Please make an exact transcription of the records, keeping the pictures out of it.
- Opening Delimiter -
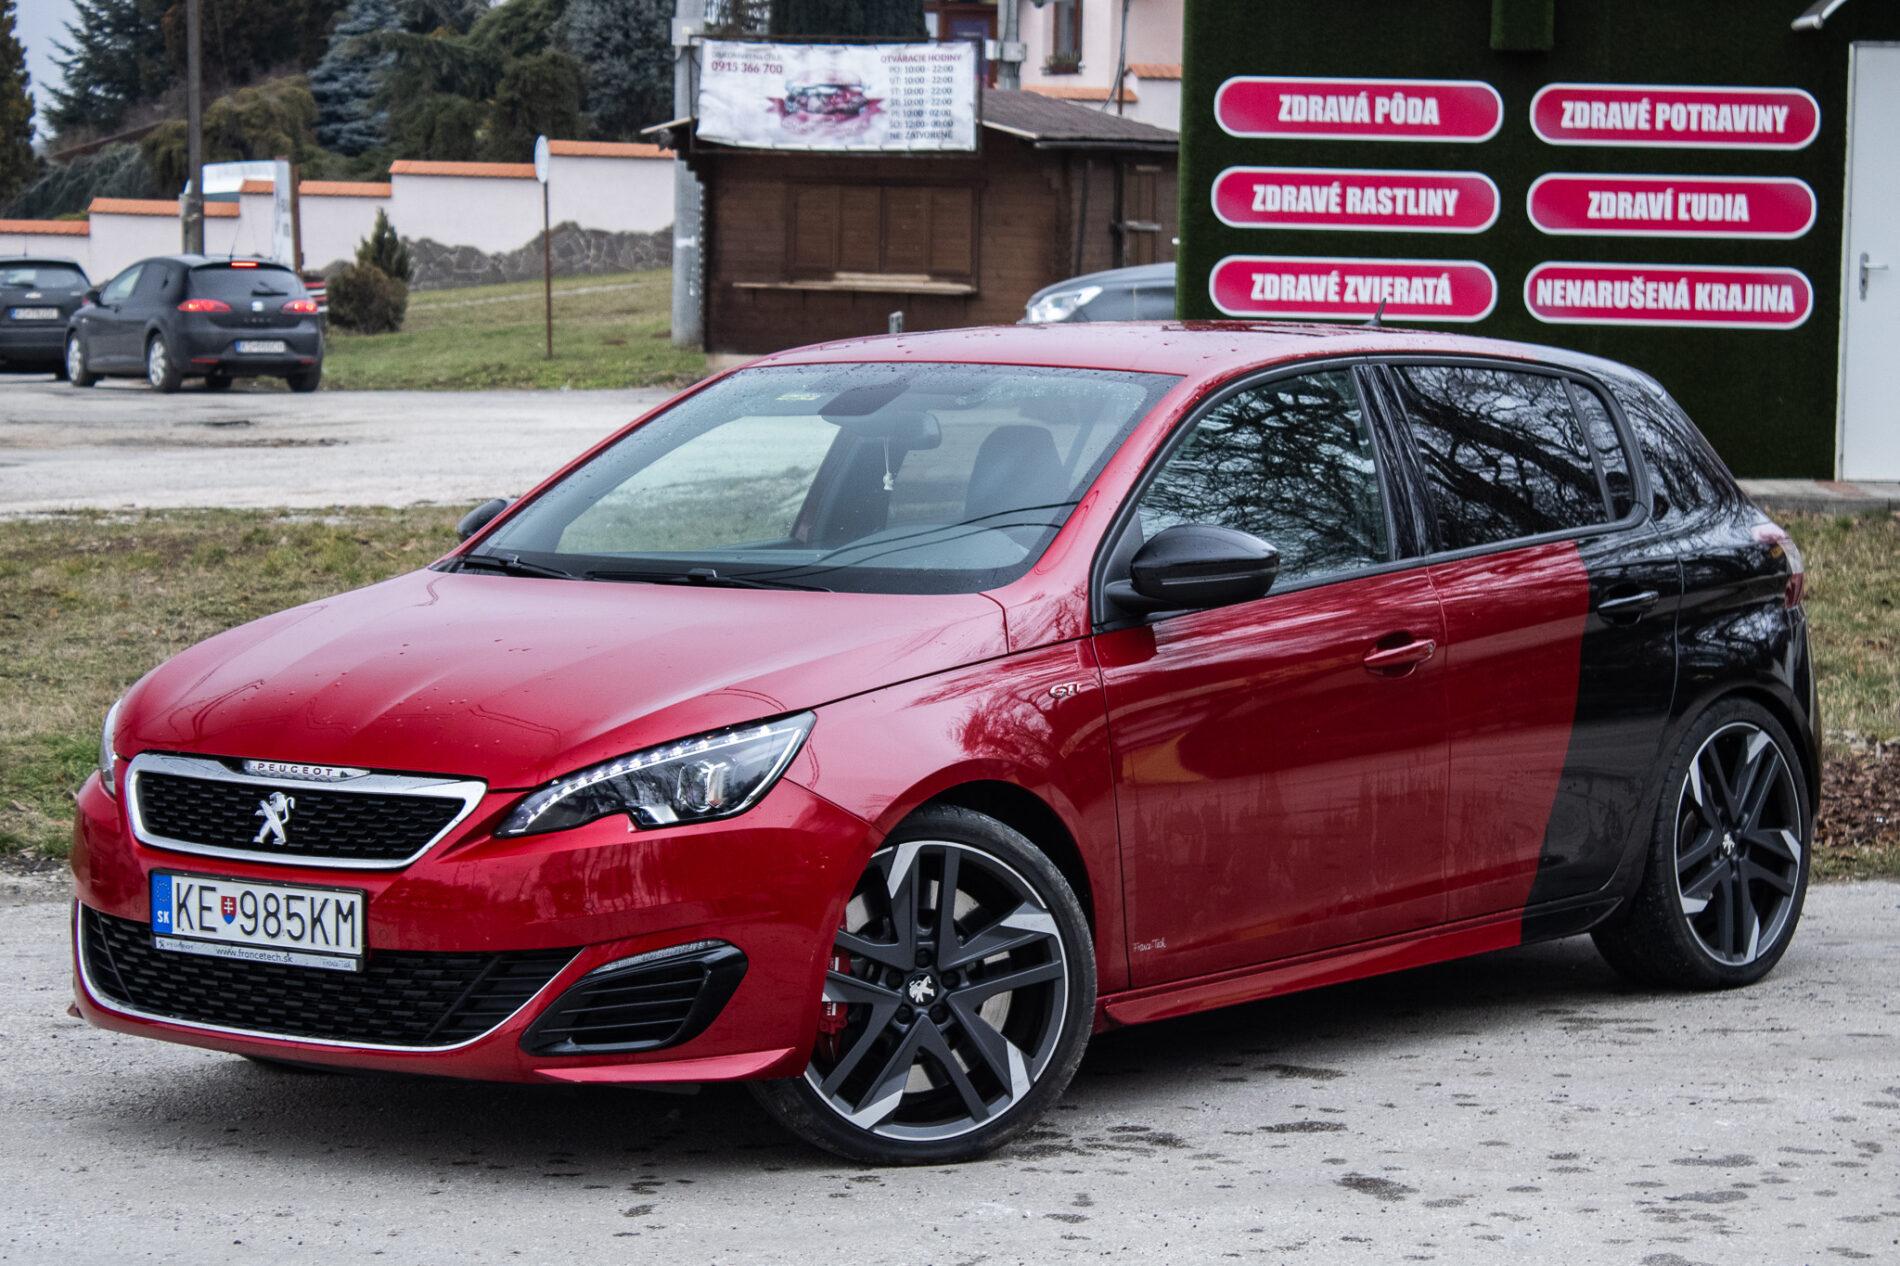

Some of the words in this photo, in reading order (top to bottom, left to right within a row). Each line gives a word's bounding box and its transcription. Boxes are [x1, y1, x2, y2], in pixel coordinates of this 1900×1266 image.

[763, 63, 783, 74] 700
[1278, 91, 1371, 124] ZDRAVÁ
[1375, 91, 1440, 125] PÔDA
[1561, 97, 1652, 130] ZDRAVÉ
[1655, 103, 1789, 133] POTRAVINY
[1252, 181, 1343, 214] ZDRAVÉ
[1346, 186, 1459, 216] RASTLINY
[1587, 187, 1675, 220] ZDRAVÍ
[1677, 192, 1750, 222] ĽUDIA
[1250, 270, 1341, 302] ZDRAVÉ
[1344, 272, 1453, 305] ZVIERATÁ
[1536, 275, 1691, 310] NENARUŠENÁ
[1695, 283, 1795, 313] KRAJINA
[257, 762, 333, 776] PEUGEOT
[156, 909, 170, 924] SK
[175, 882, 218, 933] KE
[239, 890, 356, 948] 985KM
[215, 947, 294, 964] www.francetech.sk
- Closing Delimiter -
_Solution for this task_
Some of the words in this photo, in reading order (top to bottom, left to right within a row). Each line gives a word's bounding box and its transcription. Boxes are [x1, y1, x2, y2], in pixel coordinates of this 1900×1266 image.

[763, 63, 783, 74] 700
[1278, 91, 1371, 124] ZDRAVÁ
[1375, 91, 1440, 125] PÔDA
[1561, 97, 1652, 130] ZDRAVÉ
[1655, 103, 1789, 133] POTRAVINY
[1252, 181, 1343, 214] ZDRAVÉ
[1346, 186, 1459, 216] RASTLINY
[1587, 187, 1675, 220] ZDRAVÍ
[1677, 192, 1750, 222] ĽUDIA
[1250, 270, 1341, 302] ZDRAVÉ
[1344, 272, 1453, 305] ZVIERATÁ
[1536, 275, 1691, 310] NENARUŠENÁ
[1695, 283, 1795, 313] KRAJINA
[257, 762, 333, 776] PEUGEOT
[156, 909, 170, 924] SK
[175, 882, 218, 933] KE
[239, 890, 356, 948] 985KM
[215, 947, 294, 964] www.francetech.sk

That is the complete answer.